-- ENTRIES SUPPLIED follows --
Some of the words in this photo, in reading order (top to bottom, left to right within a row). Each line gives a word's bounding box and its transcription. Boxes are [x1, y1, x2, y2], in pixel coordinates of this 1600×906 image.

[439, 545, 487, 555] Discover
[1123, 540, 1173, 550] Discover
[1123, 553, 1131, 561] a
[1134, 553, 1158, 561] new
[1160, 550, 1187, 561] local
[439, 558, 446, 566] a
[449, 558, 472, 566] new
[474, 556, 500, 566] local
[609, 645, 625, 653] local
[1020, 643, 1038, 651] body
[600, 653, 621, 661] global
-- ENTRIES SUPPLIED concluded --
-- WHAT NEEDS TO BE DONE --
Would you please give all of the entries above once more, exactly as they are?

-- RESPONSE TO THE EXERCISE --
Some of the words in this photo, in reading order (top to bottom, left to right within a row). Each line gives a word's bounding box and its transcription. Boxes are [x1, y1, x2, y2], in pixel coordinates of this 1600×906 image.

[439, 545, 487, 555] Discover
[1123, 540, 1173, 550] Discover
[1123, 553, 1131, 561] a
[1134, 553, 1158, 561] new
[1160, 550, 1187, 561] local
[439, 558, 446, 566] a
[449, 558, 472, 566] new
[474, 556, 500, 566] local
[609, 645, 625, 653] local
[1020, 643, 1038, 651] body
[600, 653, 621, 661] global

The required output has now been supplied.